Au Gabon, l’État a décidé de maximiser les sources de revenu du trésor public. Le nouveau régime en place a choisi de procédé à la vente aux enchères des biens de l’ancien gouvernement saisis après le coup d’État d’août 2023.
Selon le projet financier de l’année, la mise aux enchères de ces biens pourrait générer jusqu’à 10 milliards de FCFA au pays. Si en 2023 les recettes que pouvaient générer ces biens n’ont pas budgétisées, le projet de loi des finances 2024 en a tenu compte.
Cette somme représente l’équivalent des cotisations de la Caisse Nationale d’Assurance Maladie et de Garantie Sociale (CNAMGS), en termes de comparaison.

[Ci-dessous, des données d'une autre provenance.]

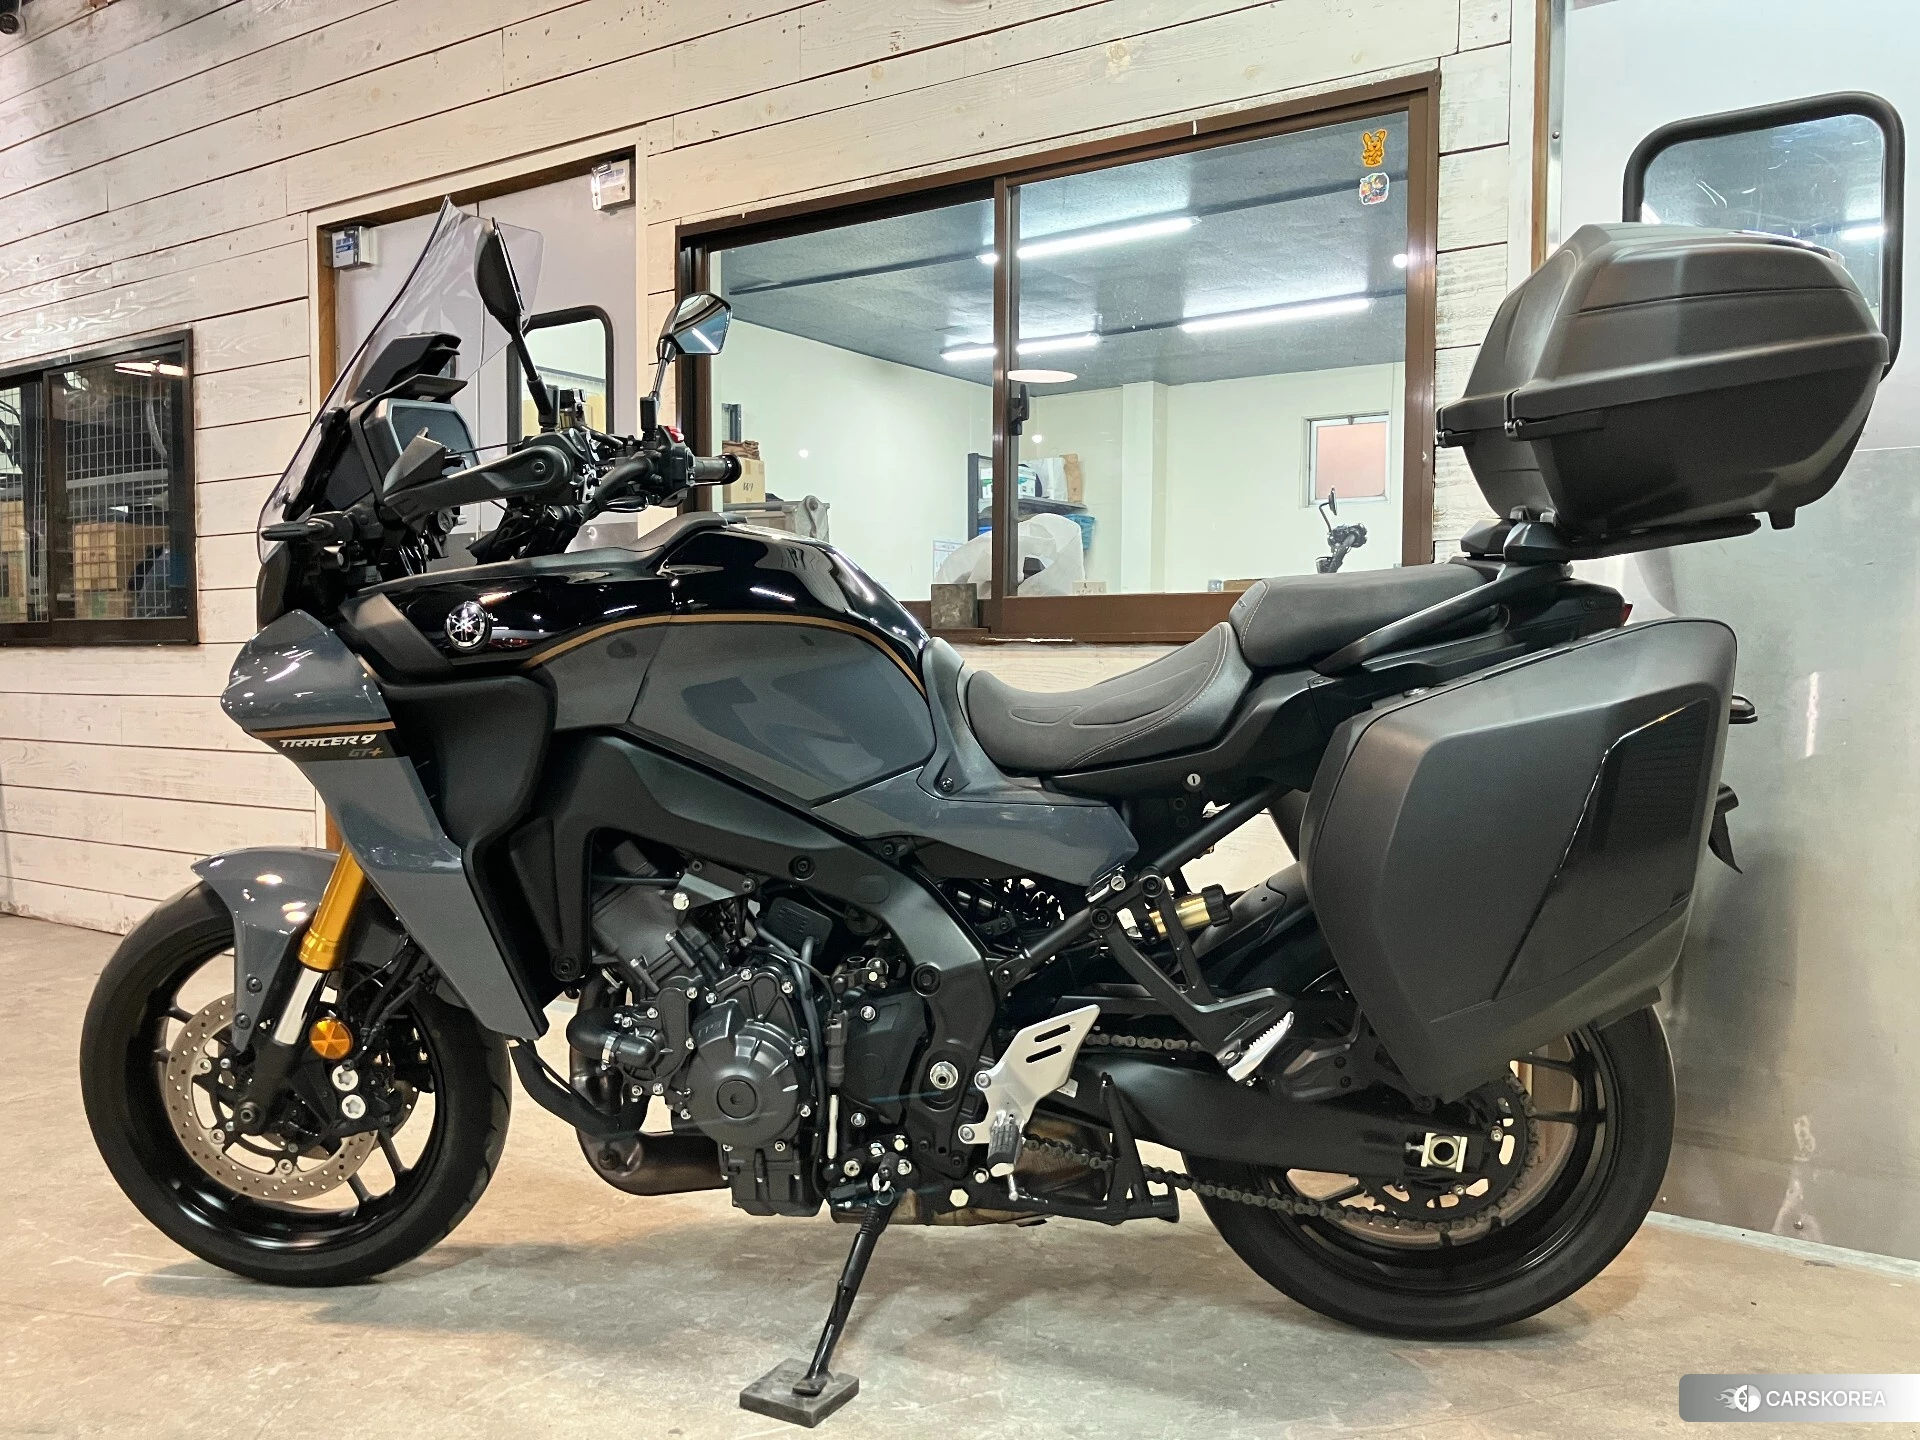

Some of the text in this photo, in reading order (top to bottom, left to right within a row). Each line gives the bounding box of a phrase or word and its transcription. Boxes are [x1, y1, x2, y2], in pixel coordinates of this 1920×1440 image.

[280, 733, 377, 748] TRACER 9
[348, 747, 384, 757] GT+

Elle représente donc un bon paquet d’argent qui pourrait rehausser le niveau du trésor public.
De même, elle pourrait activement participer à la collecte des 2834,9 milliards de FCFA de recettes budgétaires attendues en 2024. À ces enchères, devraient également s’ajouter celles d’autres biens et services, générant globalement 20 milliards de FCFA pour les caisses de l’Etat.

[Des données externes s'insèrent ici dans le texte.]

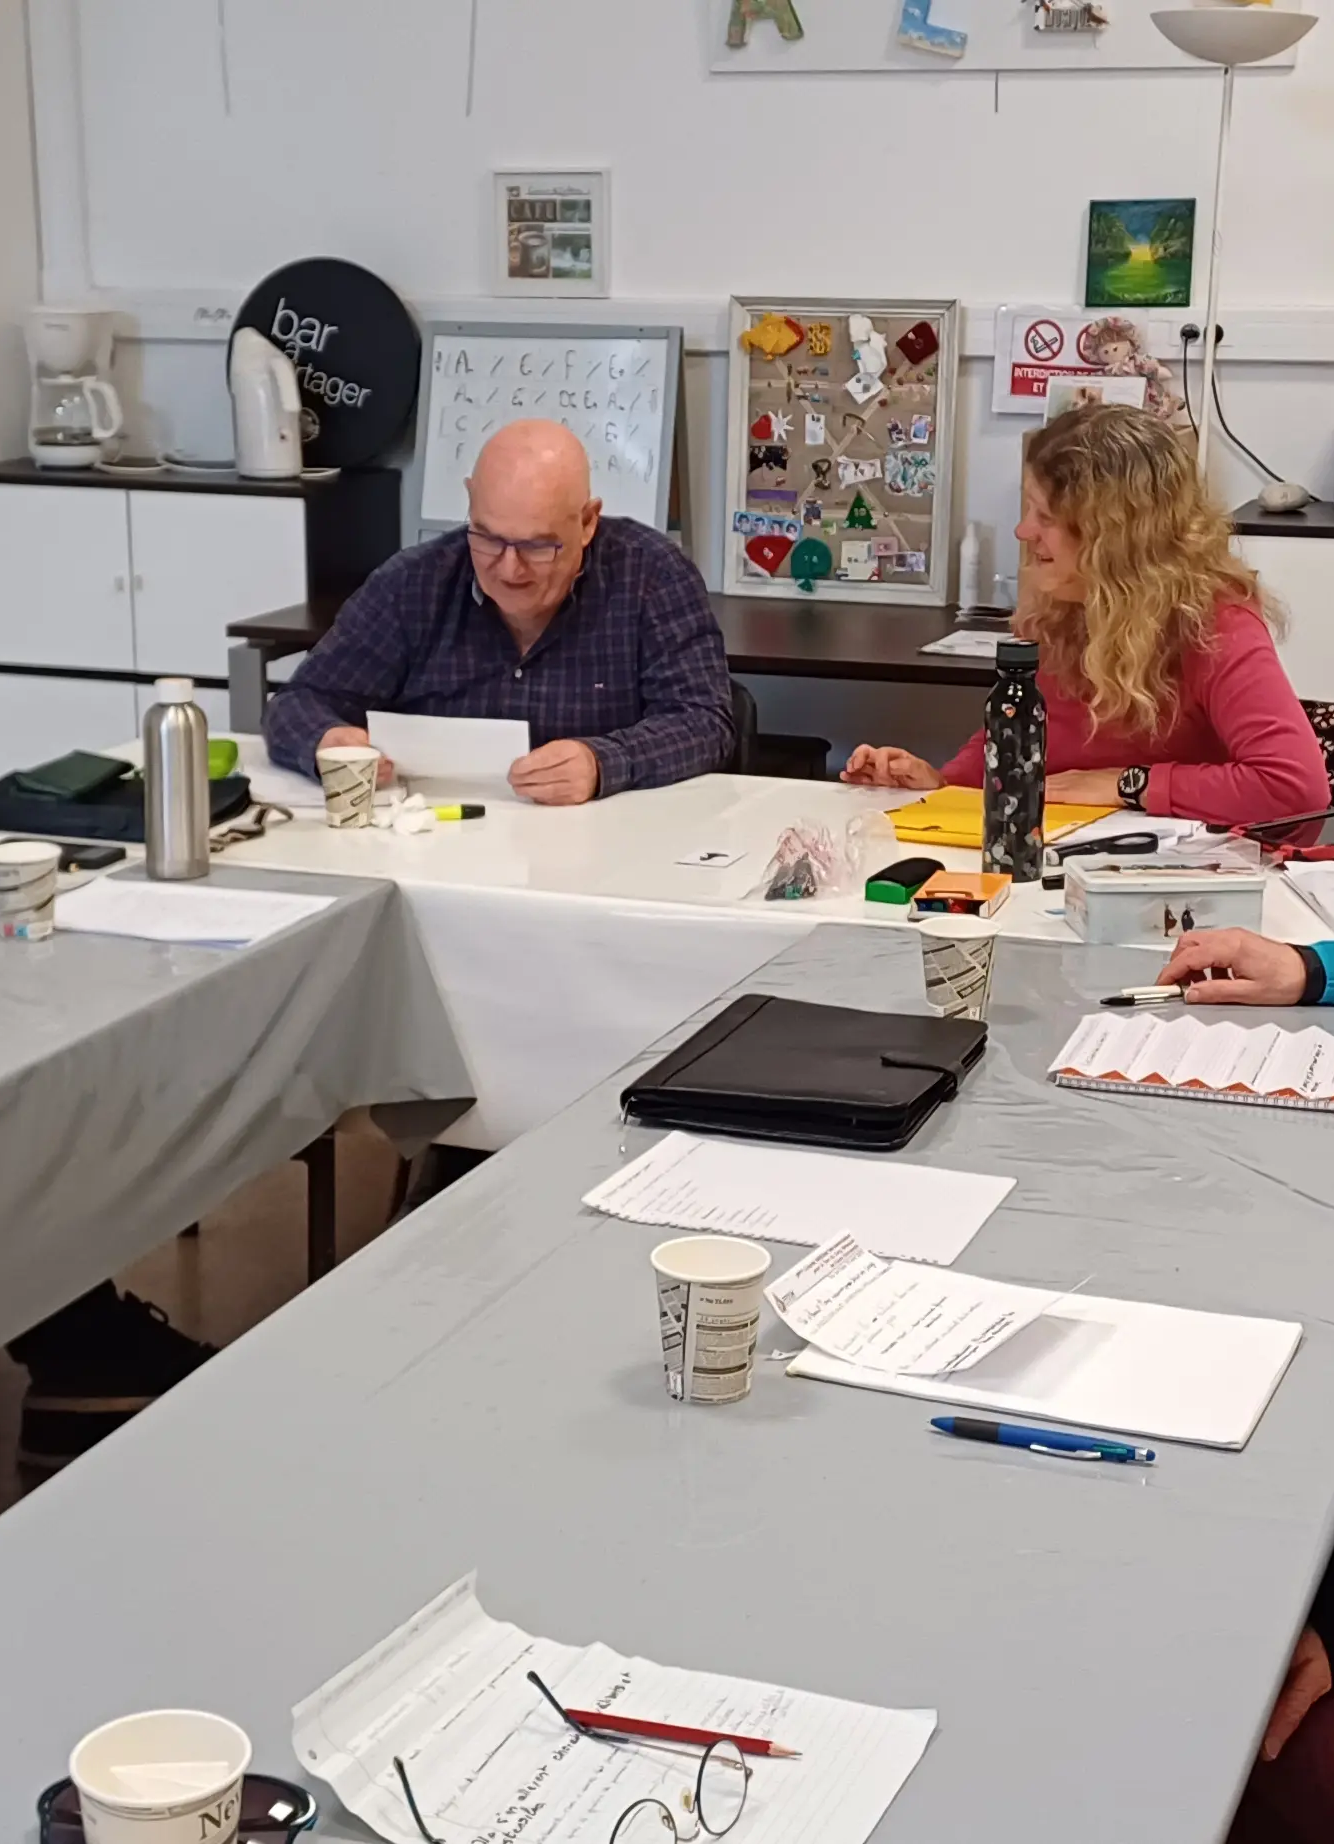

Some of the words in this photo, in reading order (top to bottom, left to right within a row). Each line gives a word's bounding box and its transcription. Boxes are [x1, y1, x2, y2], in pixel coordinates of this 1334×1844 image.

[271, 297, 339, 352] bar
[295, 363, 372, 408] rtager
[1032, 382, 1045, 393] ET

En outre, plusieurs grands projets ont déjà été définis par les nouvelles autorités surtout dans le domaine routier afin de rehausser l’image du pays. Entre autres, la route Oyem-Medzeng dont le financement devrait nécessiter 30,9 milliards de FCFA.
Le nouveau pont d’Ebel-Abanga qui en tout devrait nécessiter au moins 24 milliards de FCFA.